By Gary K. Wolfe
Locus
April 2010
PM Press is a small, radical Oakland publisher which seems to be striving for a vaguely samizdat ambience and whose mission statement is so idealistic it almost sounds nostalgic (“We seek to create radical and stimulating fiction and nonfiction, books, pamphlets, t-shirts, visual and audio materials…We aim to distribute these through every available channel,” etc.). In recent months they’ve begun a series of short books highlighting “Outspoken Authors”, often featuring one or two stories plus an interview, and among the first authors featured are Terry Bisson and Kim Stanley Robinson. SF has always had its share of committed leftists, but — as with talk radio and TV — the most visible ideologues in the genre have tended to be Libertarians or conservatives (or in some cases, advocates of bizarre political philosophies of their own making). Bisson and Robinson, though, have never hesitated to make their positions clear, and it would be hard to think of two better choices among living SF writers for this series. Bisson is the more aggressively anarchic and broadly satirical of the two, and it’s likely the story and short play in his The Left Left Behind are less familiar to SF readers than Robinson’s selections (“The Lucky Strike” and “A Sensitive Dependence on Initial Conditions”). Bisson leads off with a sharp parody of the “Left Behind” series of fundamentalist apocalypses, showing how — tribulations notwithstanding — the world is actually better off after the believers get sucked out of their plane seats (neatly folded clothes left behind). The style of the piece is so bluntly simplistic — tiny chapters with headings like “Moments Later” or “Suddenly” — that it takes a few beats to realize he’s parodying LaHaye and Jenkins, who he seems to have actually read (I haven’t, which is why it took me a bit to catch on). The second piece is a play called Special Relativity, in which Einstein, Paul Robeson, and J. Edgar Hoover somehow get resurrected during preparations for an anti-Bush rally and are stunned to learn what the world has become. As funny as both these pieces are, it’s not all comfort food for liberals; in both pieces, for example, Bisson includes Israeli militarism among his targets.

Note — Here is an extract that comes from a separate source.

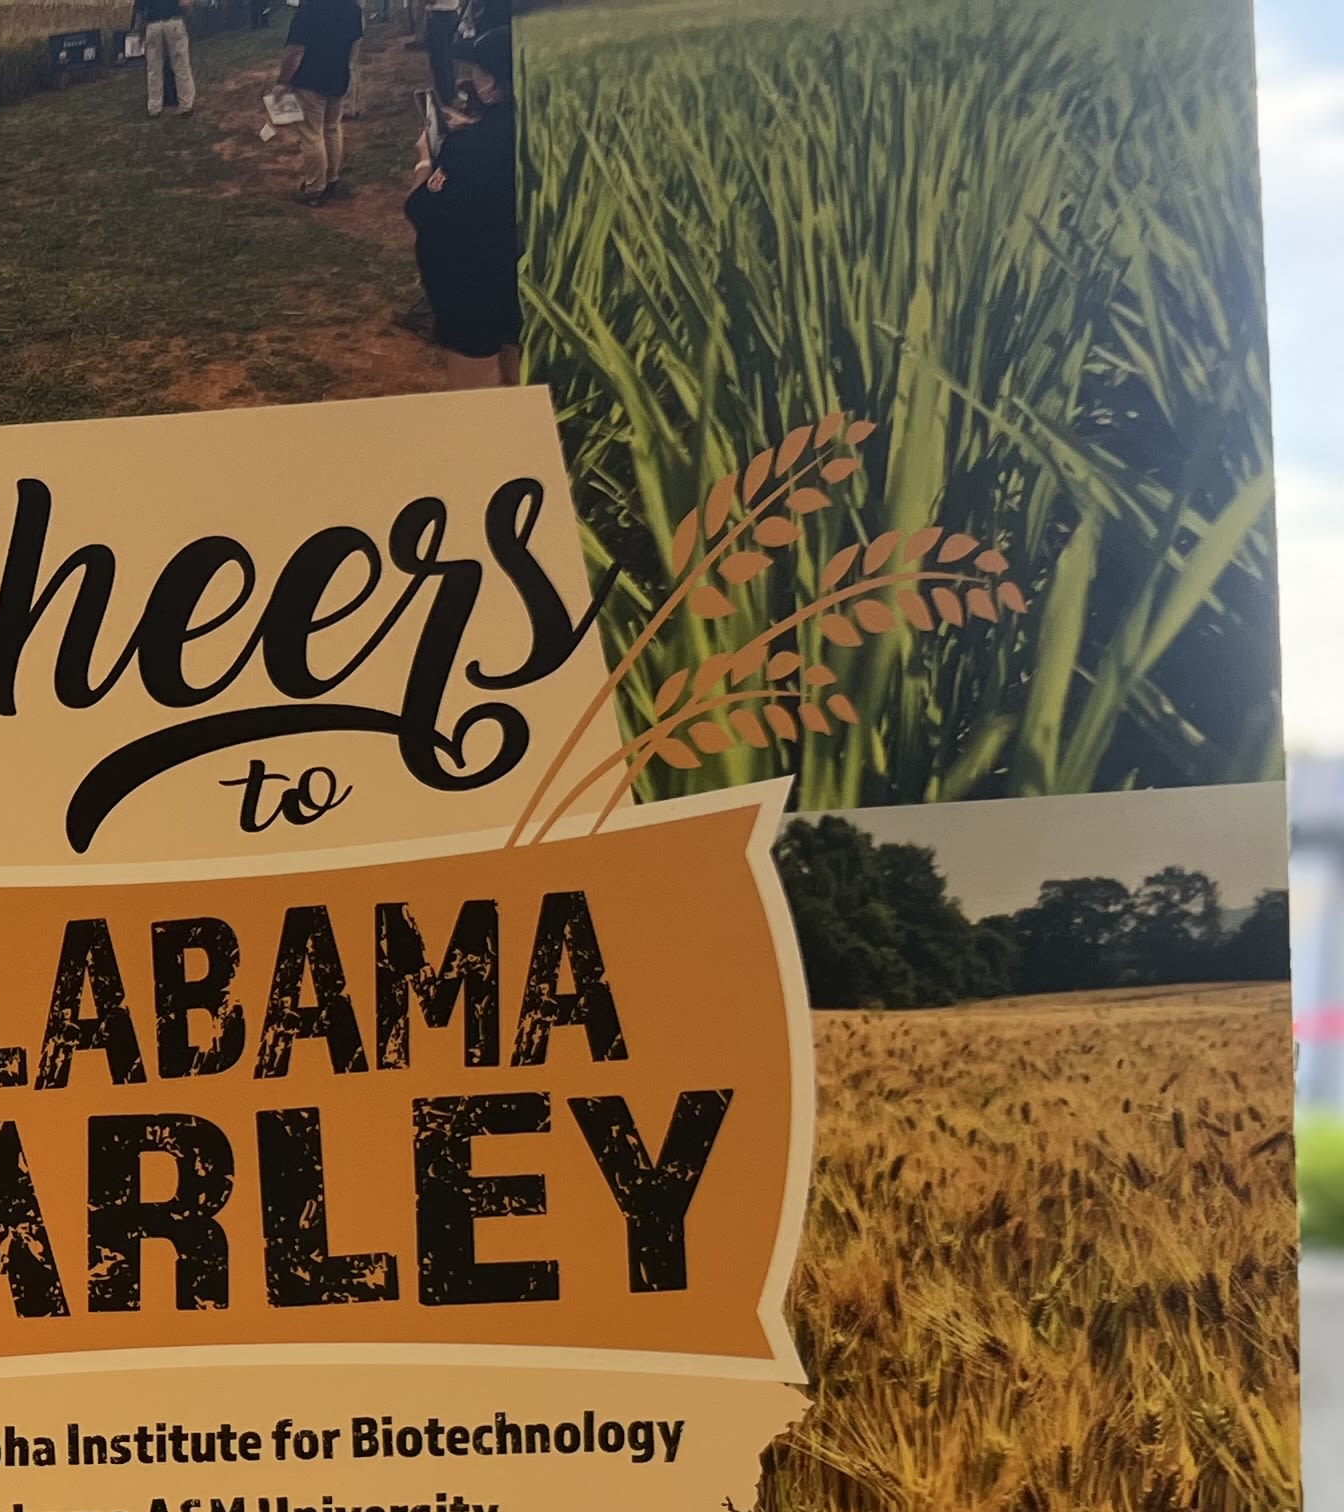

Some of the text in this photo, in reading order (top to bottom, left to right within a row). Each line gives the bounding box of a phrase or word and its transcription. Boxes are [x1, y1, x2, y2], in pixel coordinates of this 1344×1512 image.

Back to Terry Bisson’s Author Page
Robinson’s “The Lucky Strike” and its semi-nonfiction companion piece “A Sensitive Dependence on Initial Conditions” are more widely familiar, with “The Lucky Strike” having achieved near-classic status among alternate-history fictions and “A Sensitive Dependence” remaining one of the most incisive and provocative discussion of what alternative history is good for in elucidating our understanding of historical processes. The lynchpin event (or “divergence point,” in Connie Willis’s term) of “The Lucky Strike”, and the central hypothetical example of “A Sensitive Dependence”, is an aircraft welder whose faulty weld on a B·29 causes the plane that was to be the Enola Gay to crash, killing Paul Tibbets and the crew and resulting in the Hiroshima mission being given to a crew that includes Frank January, who in turn decides to delay releasing the bomb, causing it to explode away from the city itself and radically affecting the next few decades of history. It’s still a compelling story, but so widely available that the chief attraction of the book is likely the interview that takes up nearly a third of the volume and includes some provocative points, such as a ringing defense of what Robinson sees as the badly misnamed infodump (Bisson’s interview is quite a bit shorter, and seems to be conducted by someone not deeply familiar with his work, though it does add usefully to our understanding of his political background and brief imprisonment.) Both compact and attractive volumes also include bibliographies which seem to be reasonably complete.